» The problem
Output exactly the lines spanning from the line containing "this 1397×1602 image." to the last line of the entries, inclusive.

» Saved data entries
== Segment start ==

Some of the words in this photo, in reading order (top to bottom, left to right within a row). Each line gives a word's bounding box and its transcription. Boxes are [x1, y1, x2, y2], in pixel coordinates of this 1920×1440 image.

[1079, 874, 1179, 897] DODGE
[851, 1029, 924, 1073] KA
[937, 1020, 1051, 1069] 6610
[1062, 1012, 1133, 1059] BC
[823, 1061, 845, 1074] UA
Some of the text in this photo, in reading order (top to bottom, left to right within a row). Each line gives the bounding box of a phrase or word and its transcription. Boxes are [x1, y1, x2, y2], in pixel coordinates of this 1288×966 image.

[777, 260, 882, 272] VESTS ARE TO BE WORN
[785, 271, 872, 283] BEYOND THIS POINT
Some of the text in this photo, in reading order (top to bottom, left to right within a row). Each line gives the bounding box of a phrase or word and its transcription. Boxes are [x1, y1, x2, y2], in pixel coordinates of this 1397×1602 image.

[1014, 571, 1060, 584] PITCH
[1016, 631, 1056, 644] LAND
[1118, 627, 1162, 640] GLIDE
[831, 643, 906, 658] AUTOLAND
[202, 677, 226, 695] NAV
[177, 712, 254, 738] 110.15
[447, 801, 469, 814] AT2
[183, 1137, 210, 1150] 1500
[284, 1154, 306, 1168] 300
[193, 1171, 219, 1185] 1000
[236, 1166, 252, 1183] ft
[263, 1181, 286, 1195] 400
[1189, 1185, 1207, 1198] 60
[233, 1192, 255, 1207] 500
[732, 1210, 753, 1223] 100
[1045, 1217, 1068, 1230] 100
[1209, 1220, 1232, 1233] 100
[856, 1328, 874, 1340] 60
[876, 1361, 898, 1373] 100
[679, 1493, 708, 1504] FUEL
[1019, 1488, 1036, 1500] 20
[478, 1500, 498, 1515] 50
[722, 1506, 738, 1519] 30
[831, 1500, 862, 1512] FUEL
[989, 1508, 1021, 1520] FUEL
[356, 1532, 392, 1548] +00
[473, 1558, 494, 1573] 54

== Segment end ==

» Your solution
Some of the text in this photo, in reading order (top to bottom, left to right within a row). Each line gives the bounding box of a phrase or word and its transcription. Boxes are [x1, y1, x2, y2], in pixel coordinates of this 1397×1602 image.

[1014, 571, 1060, 584] PITCH
[1016, 631, 1056, 644] LAND
[1118, 627, 1162, 640] GLIDE
[831, 643, 906, 658] AUTOLAND
[202, 677, 226, 695] NAV
[177, 712, 254, 738] 110.15
[447, 801, 469, 814] AT2
[183, 1137, 210, 1150] 1500
[284, 1154, 306, 1168] 300
[193, 1171, 219, 1185] 1000
[236, 1166, 252, 1183] ft
[263, 1181, 286, 1195] 400
[1189, 1185, 1207, 1198] 60
[233, 1192, 255, 1207] 500
[732, 1210, 753, 1223] 100
[1045, 1217, 1068, 1230] 100
[1209, 1220, 1232, 1233] 100
[856, 1328, 874, 1340] 60
[876, 1361, 898, 1373] 100
[679, 1493, 708, 1504] FUEL
[1019, 1488, 1036, 1500] 20
[478, 1500, 498, 1515] 50
[722, 1506, 738, 1519] 30
[831, 1500, 862, 1512] FUEL
[989, 1508, 1021, 1520] FUEL
[356, 1532, 392, 1548] +00
[473, 1558, 494, 1573] 54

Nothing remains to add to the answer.